Ok, this post is fairly technical. Read on if you are interested in how bots work in Cisco Spark and how to use them. Disclaimer: the information here is not Cisco official, only my personal evaluations. I have not been directly involved in Cisco’s evaluations and decisions. My views may not represent the Spark API team’s views and may not be accurate.
Some people have been confused about how API bots work in Cisco Spark. The early APIs only supported integrations (using OAUTH2 tokens), but many people tried to make bots. They wanted to add a bot to a room and then communicate with it (i.e. exactly what bots are made for). That doesn’t work that well with integrations as the app basically act on behalf of a user and does not really have an identity of its own. In my earlier post, I explained the difference between a bot and an integration in general. Here I will deep-dive on how bots work in Cisco Spark and show how I added bot support in the Spark Army Knife app.
First of all, if you haven’t done so yet, send a direct message to armyknife@sparkbot.io. Here you will see the bot in action. The bot will respond to you with a link to authorise the app as an integration (see the screenshot).

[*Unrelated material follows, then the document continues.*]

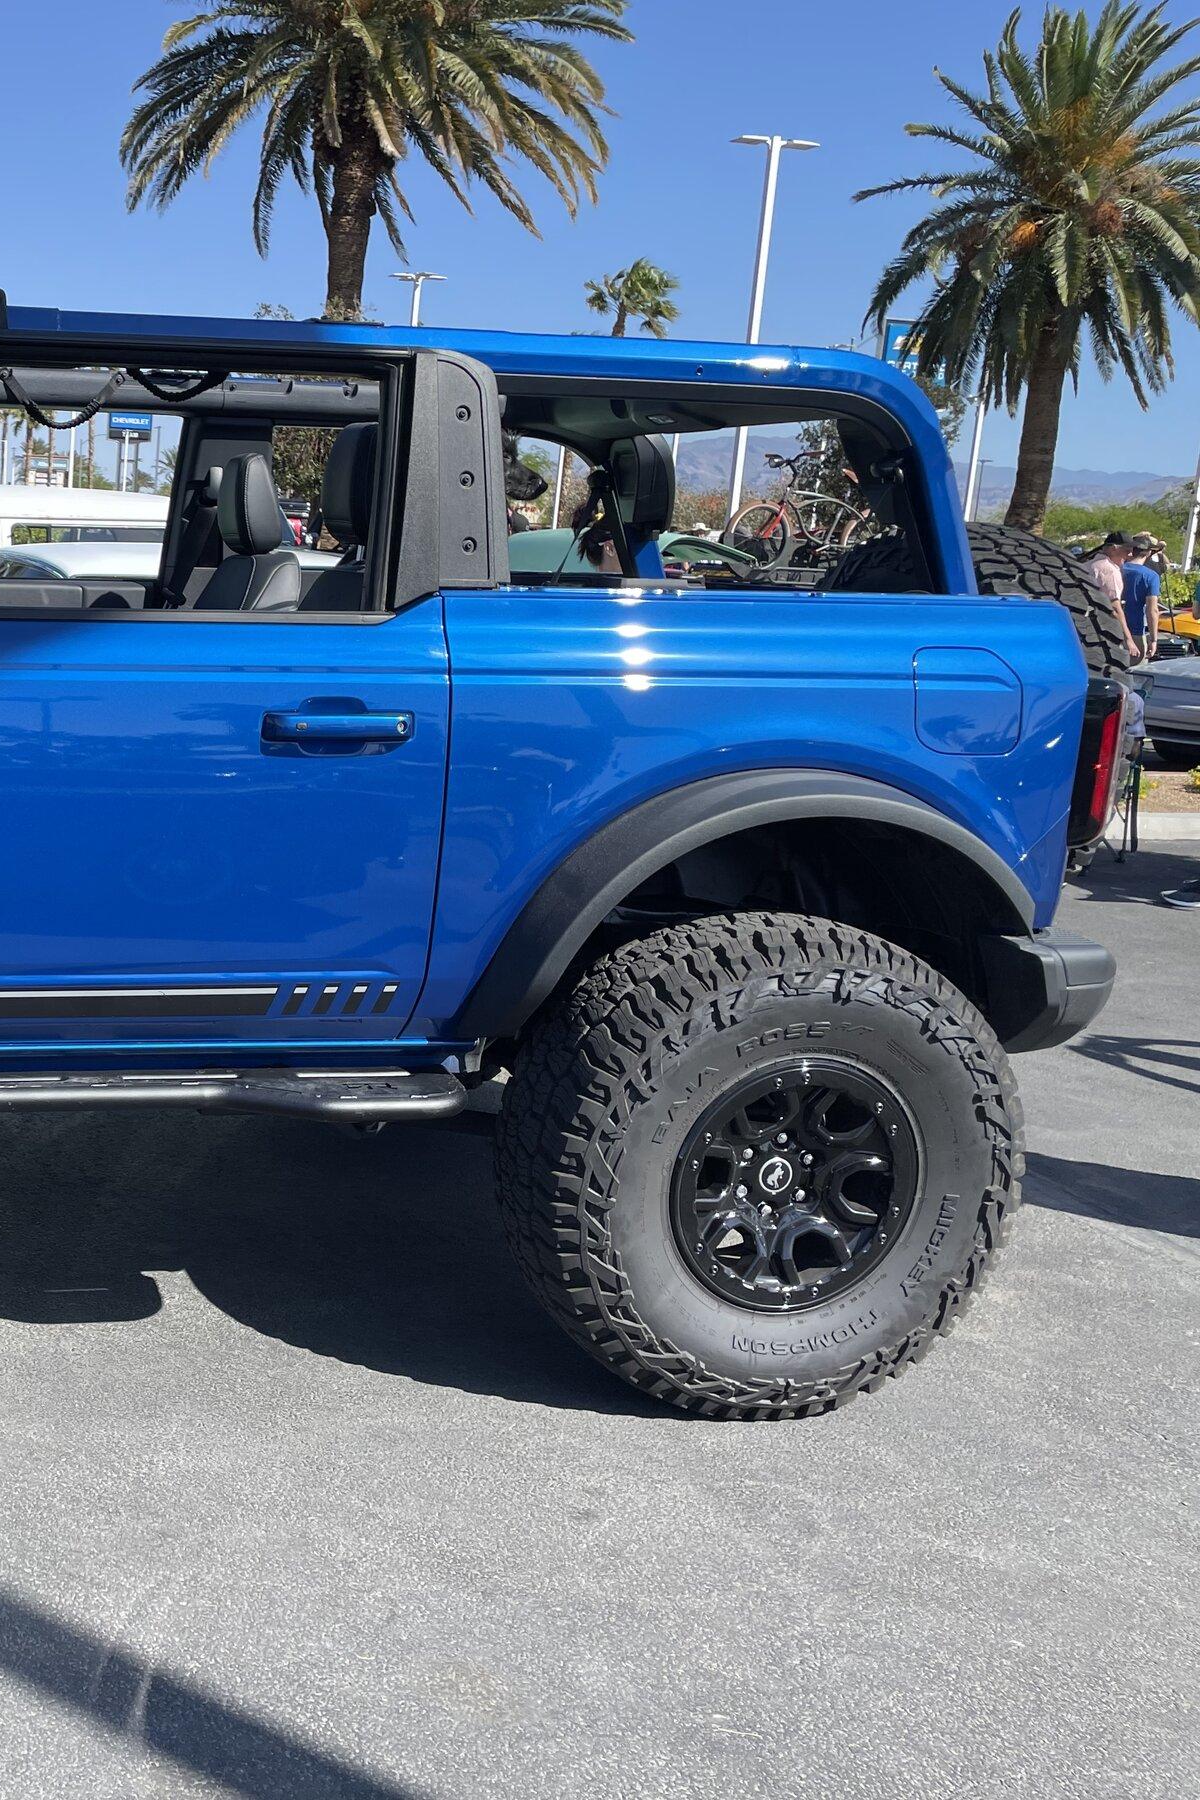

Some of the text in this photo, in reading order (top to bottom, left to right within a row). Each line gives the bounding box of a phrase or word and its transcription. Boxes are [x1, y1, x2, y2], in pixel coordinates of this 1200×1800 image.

The bot part of the app will only talk to you in that 1:1 room. You can add it to a group room (see second screenshot below), but it will just send a brief hello message and then automatically leave the room (this group room behaviour is not a Cisco Spark feature, but rather my implementation as you will see below.)
A privacy and security side note: once you have authorised the Spark Army Knife (pressing Accept on the request for access), Spark will start sending notifications to the Spark Army Knife app for all messages in all your rooms. Only messages from you will be retrieved to check if you type a command to the app starting with a ‘/‘. If you use the VIP tracking feature, message ids will be stored for messages from these users. Message texts are never stored.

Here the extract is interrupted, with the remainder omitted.